Give a fuck about the right stuff
Manson makes the point that this isn’t about ‘not giving a fuck’ but about not giving a fuck about things that don’t matter. It’s too easy to give a fuck about the wrong stuff and this is important for anyone in a leadership position, especially those in security. One of the problems security leaders will face is there is a lot of stuff to give a fuck about, most of which is background noise. Security leaders are encumbered by having to give a fuck about arbitrary metrics that don’t make sense, level of compliance to a poorly constructed set of controls, investigating non-sense reports of malfeasance, or some bullshit ‘intel’ about the latest APT group from somewhere unpronounceable to that carries a mystique that enchants the dullard.
Manson gives examples of how giving a fuck about the wrong thing can destroy someone’s perception of success. Dave Mustaine was kicked out of Metallica and then became successful in his own right with his band Megadeth. By any reasonable person’s measure, Mustaine is successful however as he always compared himself to Metallica which is an example Mason gives of how you can be successful and still feel like a failure. Then there was Pete Best who was in the Beatles who found happiness despite a lack of material wealth. But it’s not just about giving a fuck about the right stuff, it’s that relative measures of success can be destructive in spite of anything else. This is a point that a security leader has to be cognisant of, in how they structure what success means. Ryan Holiday discusses this too in the form of generals or football coaches and how to focus on the actions and not the outcomes. Measures of personal success have to be derived from within and deriving these from comparative external factors will lead you on the path to insanity. And this talks to Manson’s opening point about how holding aspirations about what you could be sets a bar out of reach and thus positivity can be a negative thing. It’s the feedback loop from hell.
What we give a fuck about is mired by the backdrop of an industry that values the wrong things. “Click, click, whirly, beep, beep” could be a description of what our industry values. We have vendors, industry bodies, thought leaders, training companies, all forming an eco-system. This system affirms a message about what we should be giving a fuck about. But what they are saying is intended to bend us to their desires. This is the King’s Shilling of priorities. If we drink from cup, we are press ganged into someone else’s paradigm. Perhaps it is true that our eco-system is one that is suffering an environmental crisis. We have revelled in its industrialisation, gleefully smearing ourselves in the polluting filth it creates. I wouldn’t suggest that deploying abrasive Scandinavian teenagers is a legitimate solution, but we need to understand that it is our whole industry is fucked. And this is something we should be giving a fuck about because what the industry gives a fuck about is fucked up, and that’s fucking fucked.
Having a higher order of giving a fuck means that we are less consumed with things that do not matter. As a consequence of this, adversity becomes something that is solvable. Adversity as a barrier then, is nothing more than a product of misaligned priority.
Solving problems
Happiness comes from solving problems and this is the space security should occupy. Manson described it as a work-in-progress, a constant, a journey where the destination should never be reached. A security leader should be creating an environment that promotes the resolution of complex problems then, for their own fulfilment and the fulfilment of those under their stewardship. But this is a form of action and one that needs to be continually repeated. You are what you repeatedly do, and a security leader can create teams of problem solvers or box checkers. But problems can painful if the correct grounding is not in place but as Manson describes problem can be powerful and this is a choice. Solving problems does create more problems but then the choice is about what kind of problems do you want to solve.

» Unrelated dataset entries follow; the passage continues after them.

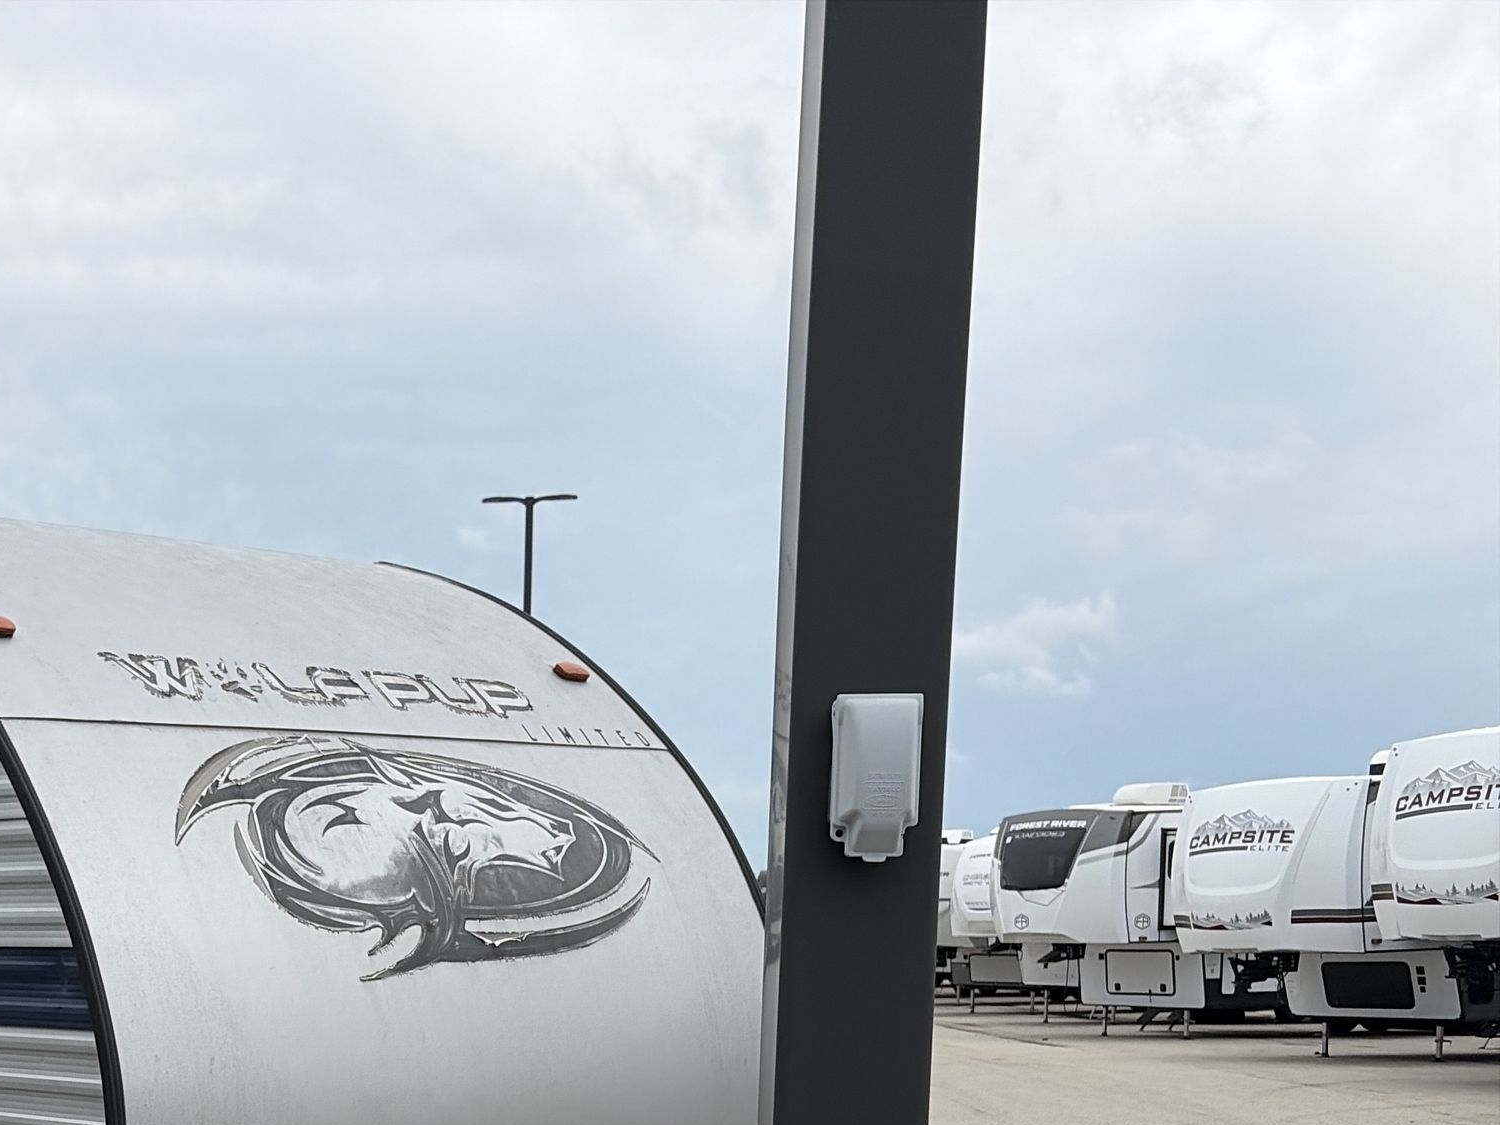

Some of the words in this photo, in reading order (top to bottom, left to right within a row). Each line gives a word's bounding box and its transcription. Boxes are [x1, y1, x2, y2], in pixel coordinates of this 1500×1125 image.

[521, 723, 651, 747] LIMITED
[1395, 783, 1500, 813] CAMPSI
[1009, 820, 1050, 832] FOREST
[1050, 819, 1087, 829] RIVER
[1189, 829, 1295, 850] CAMPSITE

Problems will lead to failure and a security leader should embrace this. But not in the Agile sense of becoming permissive of incompetence by ‘failing fast’, so god damn bloody always at eye watering expense. Failure is a recurrent theme throughout the book and is antecedent of suffering. When we go out into the world, outcomes are not certain, we can’t predict the future. Failure is not easy to deal with and handling failure will not always be easy and requires introspection on the values you hold. Failure may be an indicator that what you have done might not be quite right. But failure is relative to your values as Manson describes, so failure can be a direct translation to shortcomings against those values.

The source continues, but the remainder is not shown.